Where important  micronutrients (iodine and iron particularly) are largely absent in the food of a population  -- as in Africa -- nutritional improvements can make a big difference but the idea that Aberdonians in the 1920s were severely deprived of such micronutrients seems fanciful. Aberdeen has long been an important  fishing port and fish are a major source of iodine -- and iron is mostly got from beef and Scots have long raised and eaten a lot of beef.  The traditional diet of poor Scots -- "mince 'n tatties" -- is certainly humble but it does include beef. Aberdeen even has an important  beef animal originating there: The widely praised "Aberdeen Angus".  You can eat meat from them in most of McDonald's restaurants these days.

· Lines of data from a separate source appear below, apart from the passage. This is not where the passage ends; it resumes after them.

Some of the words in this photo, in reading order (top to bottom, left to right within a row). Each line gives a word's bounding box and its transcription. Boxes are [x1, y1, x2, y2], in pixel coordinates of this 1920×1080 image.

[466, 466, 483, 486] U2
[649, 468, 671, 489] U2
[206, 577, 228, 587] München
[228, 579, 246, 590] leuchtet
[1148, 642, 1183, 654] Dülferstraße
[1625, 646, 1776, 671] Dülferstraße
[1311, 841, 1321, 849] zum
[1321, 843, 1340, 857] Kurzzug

So why was the IQ divergence between the two groups below not observed in early childhood when it was so strong in later life?  A divergence of that kind (though not of that magnitude) is not unprecedented for a number of reasons:  IQ measurement at age 11 is less reliable than measures taken in adulthood; IQ becomes more and more a function of genetics as we get older.  In early life environmental factors have more impact and it takes a while for (say) a handicapping early environment to be overcome.

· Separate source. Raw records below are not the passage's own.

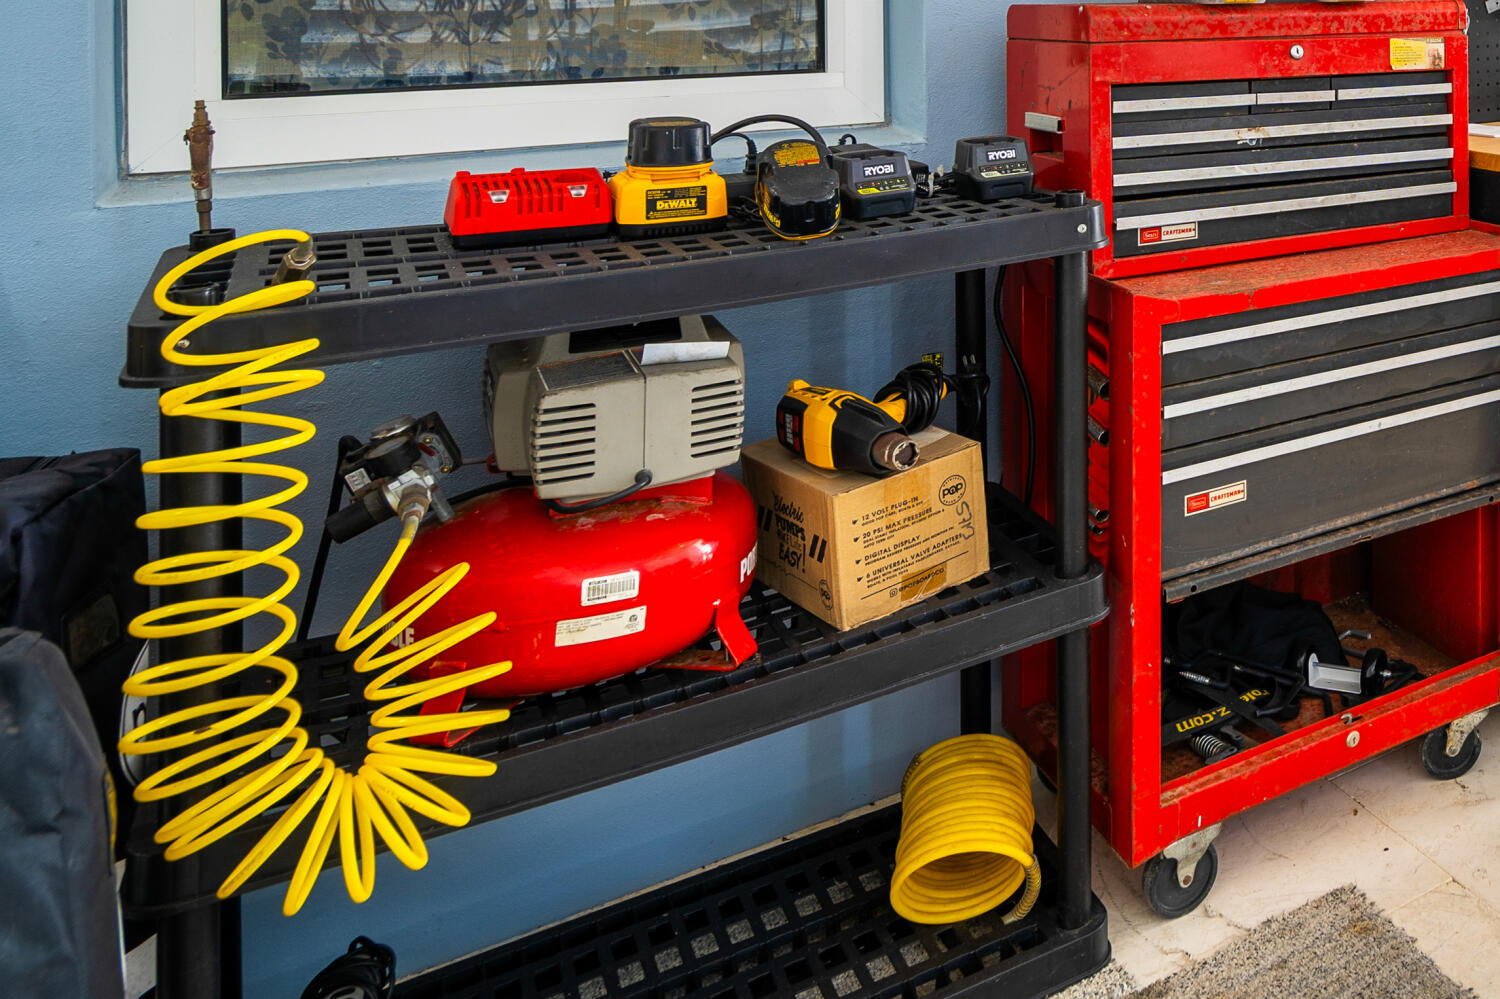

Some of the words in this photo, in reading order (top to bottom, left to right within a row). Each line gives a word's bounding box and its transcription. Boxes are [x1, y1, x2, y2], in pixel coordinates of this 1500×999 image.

[987, 149, 1016, 161] RYOBI
[863, 164, 895, 177] RYOBI
[1210, 489, 1241, 502] CRAFTSMAN
[862, 513, 869, 521] 12
[871, 506, 888, 517] VOLT
[890, 496, 919, 510] PLUG-IN
[863, 531, 871, 539] 20
[873, 526, 883, 535] PSI
[885, 520, 901, 530] MAX
[903, 507, 932, 524] PRESSURE
[864, 547, 891, 561] DIGITAL
[893, 535, 920, 549] DISPLAY
[872, 557, 909, 576] UNIVERSAL
[910, 548, 930, 560] VALVE
[932, 532, 962, 550] ADAPTERS

But I suspect that the main influence on the finding was that two different tests were used.  IQ was measured at age 11 by an educational aptitude test and in the 70s it was measured by a non-verbal test.  The two were correlated but only about .75, which does allow for considerable divergence.  So the oldsters (1921 cohort) were simply not good at non-verbal puzzles, probably because they had little experience with them.  The tests they did in 1921, however mostly used problems similar to problems they had already encountered many times in the course of their schooling.

The 1936 cohort, by contrast, had most of their education in the postwar era when people spent longer in the educational system. And IQ testing in the schools was much in vogue up until the 1960s so that generation would have had a much wider testing experience.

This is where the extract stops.